A BURGLAR led police on a 115mph chase — and overtook an ambulance — in a van containing £30,000 worth of bikes he’d stolen from a Keswick shop.

The town’s E-Venture Bikes, Elliot Park, was broken into at around 10-20pm on October 5.

A witness heard an alarm going off and saw a van at the back of the premises.

The voices of several males were heard, along with the vehicle door closing, before it drove off. The registration number of the vehicle was taken and CCTV footage captured the van being driven away at high speed.

Mobile police patrols were set up and, just before midnight, the Ford Transit was spotted on the M6 in South Cumbria, being driven at high speed and carrying out undertakes.

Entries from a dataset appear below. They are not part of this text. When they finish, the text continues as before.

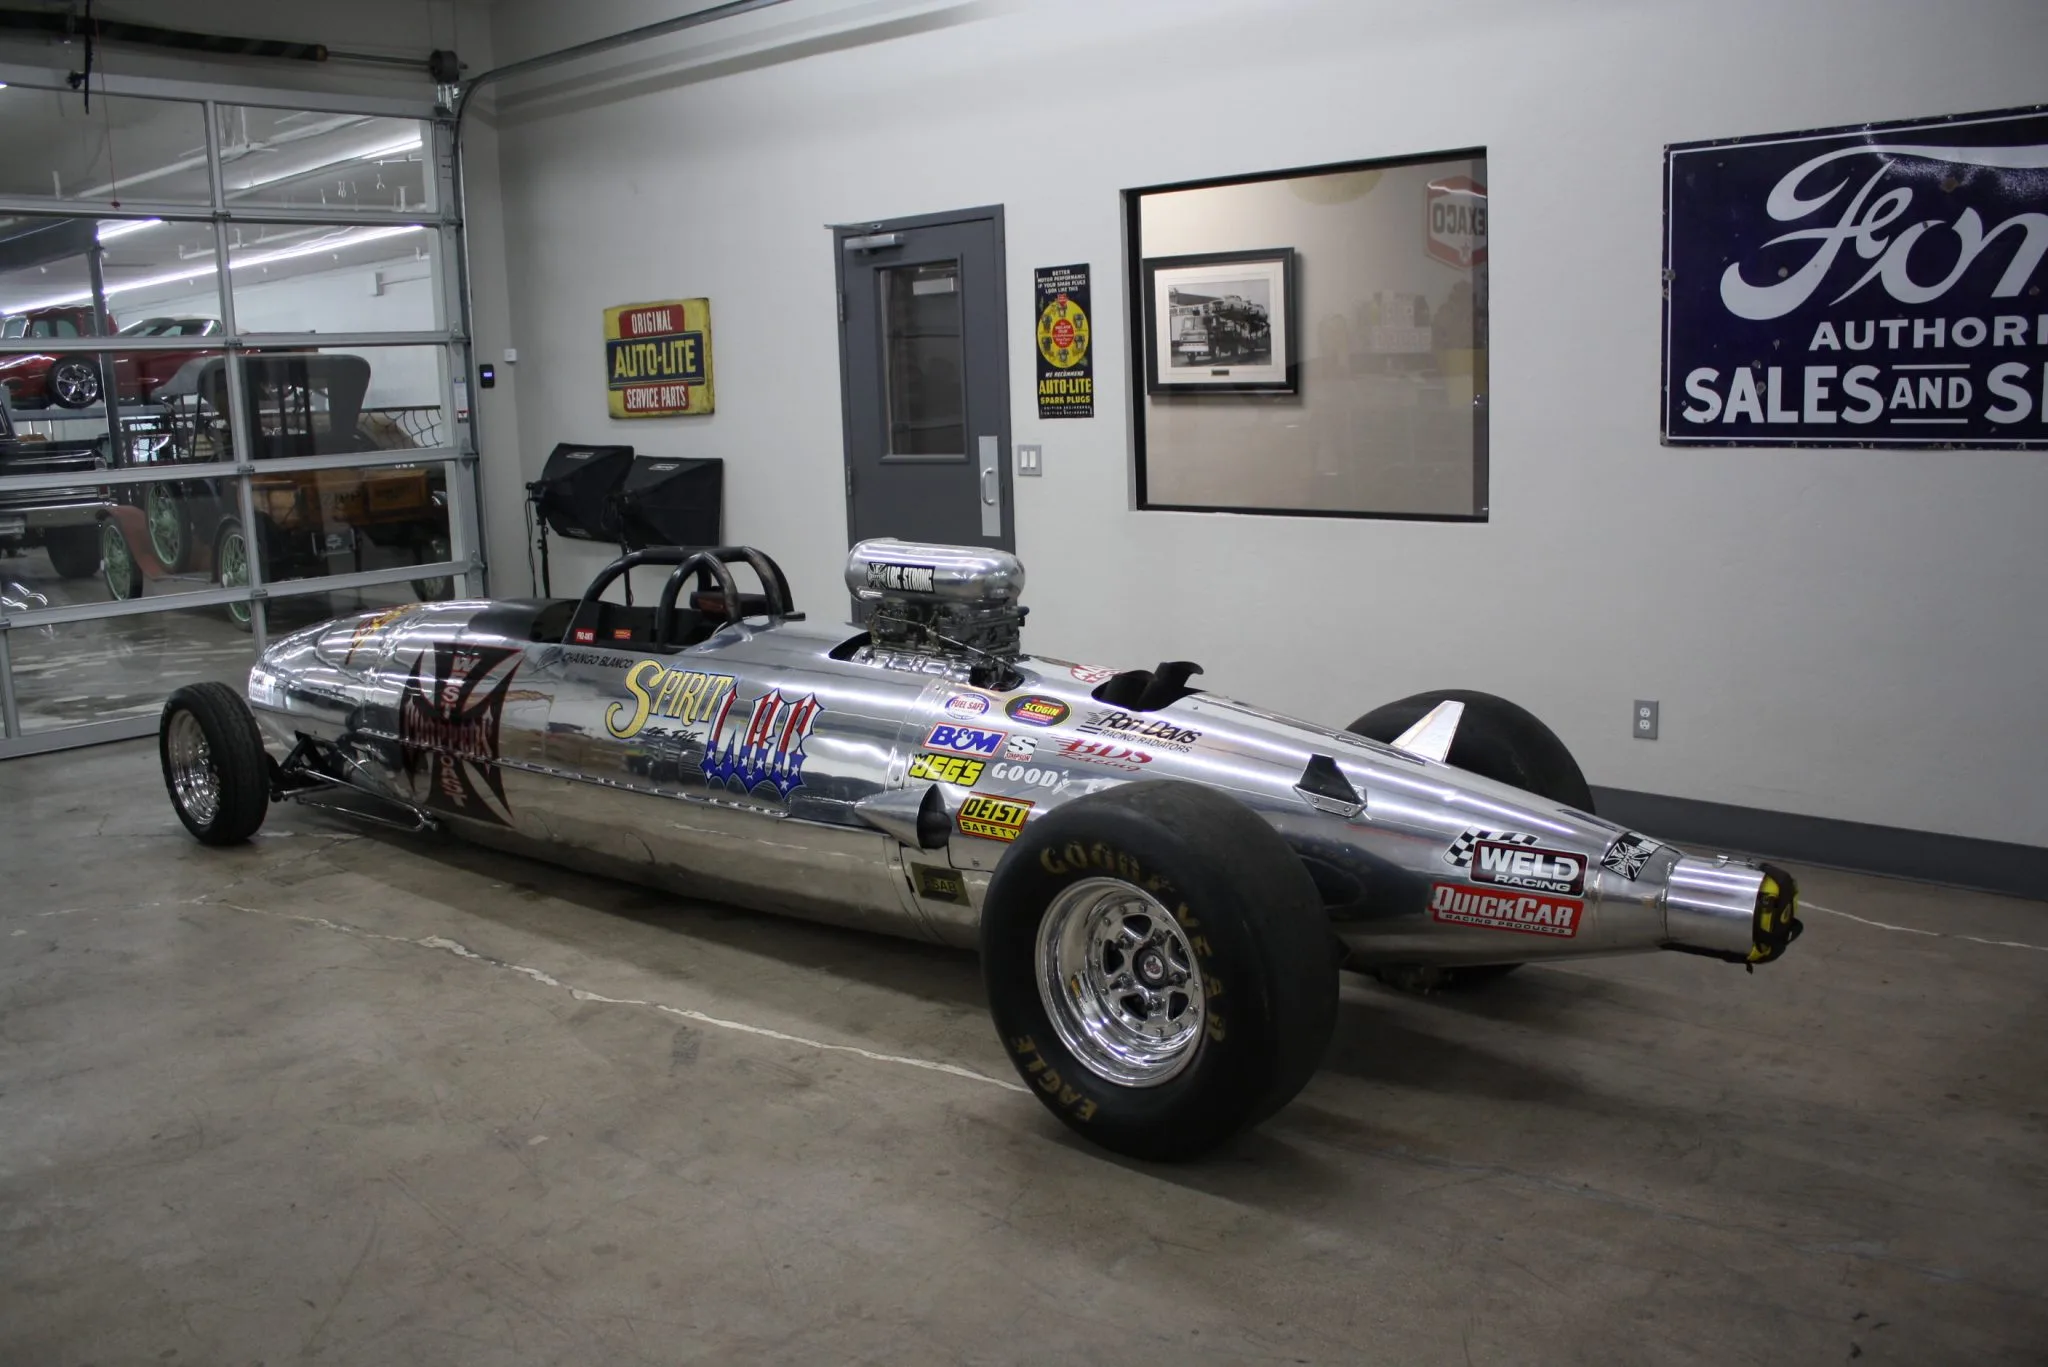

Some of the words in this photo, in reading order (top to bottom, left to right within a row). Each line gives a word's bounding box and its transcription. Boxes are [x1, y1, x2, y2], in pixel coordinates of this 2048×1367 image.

[631, 309, 673, 334] ORIGINAL
[614, 339, 697, 378] AUTO-LITE
[626, 387, 659, 409] SERVICE
[661, 385, 686, 407] PARTS
[1039, 378, 1092, 395] AUTO-LITE
[1682, 364, 1885, 425] SALES
[1889, 376, 1973, 410] AND
[1984, 362, 2048, 425] S
[1040, 396, 1065, 405] SPARK
[1066, 395, 1091, 404] PLUGS
[902, 567, 933, 592] STRONG
[561, 651, 599, 665] CHANGO
[598, 655, 634, 669] BLANCO
[951, 699, 967, 709] FUEL
[967, 701, 985, 711] SAFE
[671, 729, 705, 743] THE
[928, 725, 1004, 753] B&M
[1097, 710, 1145, 731] Ron
[1142, 720, 1203, 743] Davis
[1062, 738, 1153, 764] BDS
[1099, 729, 1135, 742] RACING
[1136, 734, 1193, 754] RADIATORS
[1006, 752, 1031, 762] SIMPSON
[909, 754, 984, 786] JEG'S
[963, 798, 1025, 823] DEIST
[962, 822, 1018, 838] SAFETY
[1480, 846, 1580, 881] WELD
[1494, 874, 1572, 892] RACING
[1445, 914, 1492, 925] RACING
[1498, 921, 1567, 934] PRODUCTS
[1010, 1033, 1099, 1122] EAGLE

A prosecutor at Carlisle Magistrates’ Court told how it was estimated to be travelling around 115mph southbound on the motorway before leaving at Junction 33 in Lancashire. “It stays above the speed limit the entire time,” George Shelley, prosecuting, had said. “Dangerous driving, through rural villages.”

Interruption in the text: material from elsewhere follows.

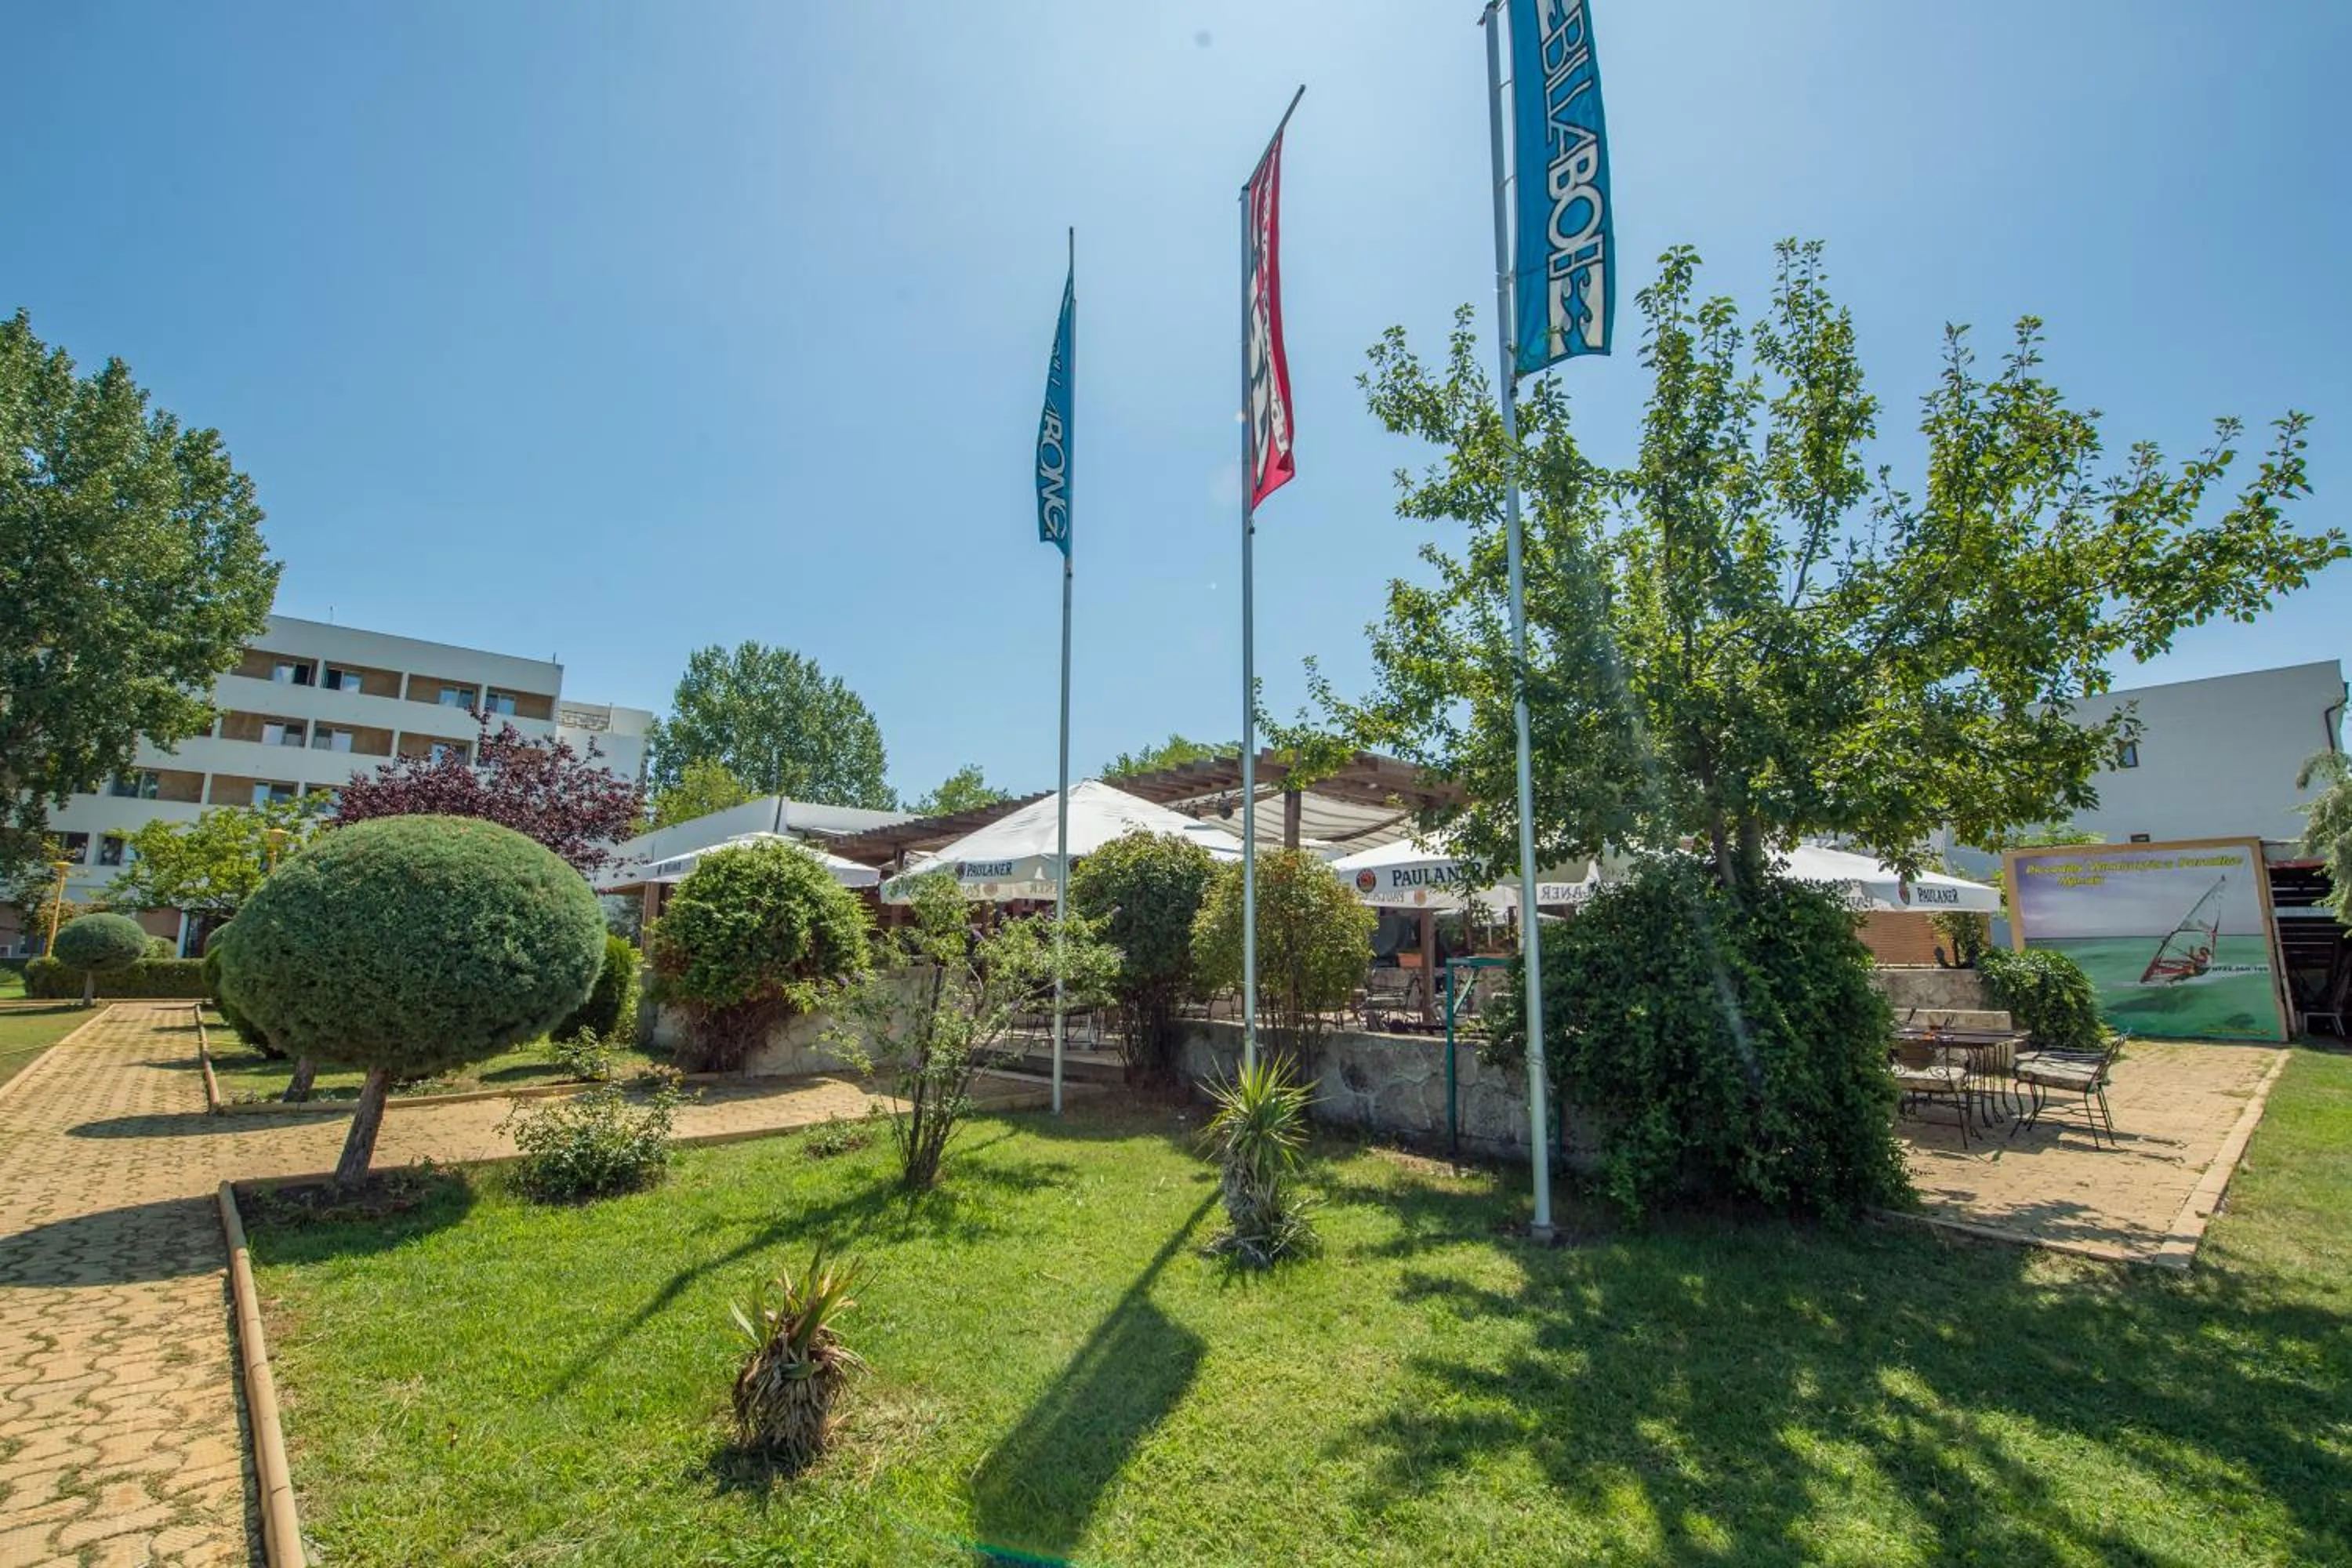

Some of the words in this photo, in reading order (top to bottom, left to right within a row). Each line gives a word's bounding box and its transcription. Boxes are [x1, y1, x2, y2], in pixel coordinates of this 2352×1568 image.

[1541, 3, 1605, 279] BILLABO
[967, 862, 1012, 877] PAULANER
[1392, 862, 1485, 887] PAULANR
[1917, 887, 1958, 904] PAULANER

It reached around 80mph and, he said, there was “even a dangerous overtake of an ambulance” before it stopped.

Balaclavas, a crow bar, angle grinder and gloves were recovered along with several bikes valued at £30,198 from the vehicle.

There had, added Mr Shelley, been “deliberate disregard for the safety of others” during the high speed pursuit.

In the aftermath two men, driver Harry Curran, 34, and 41-year-old accomplice James Easterbrook were charged.

And at Carlisle Crown Court today (thurs), Curran — a one-time personal trainer — admitted burglary of E-Venture Bikes and also dangerous driving of the Ford Transit, on the M6 between junctions 37 and 33, and the A6.

London-based duo Curran, of Wicker Street, Tower Hamlets, and Easterbrook, of Cable Street, appeared at the crown court remotely via video links from custody.

Barrister Kim Whittlestone, for Curran, said he was “desperate” to be sentenced as soon as possible.

“He does not seek to waste the court’s time,” she said. “He is realistic in light of his antecedents. He knows it is going to be custody, it is just a matter of length.”

Easterbrook, however, was not represented by a barrister and did not enter a plea to the one burglary charge he faces.

As a result, the case was adjourned to December 1. Easterbrook and Curran will remain in custody until then.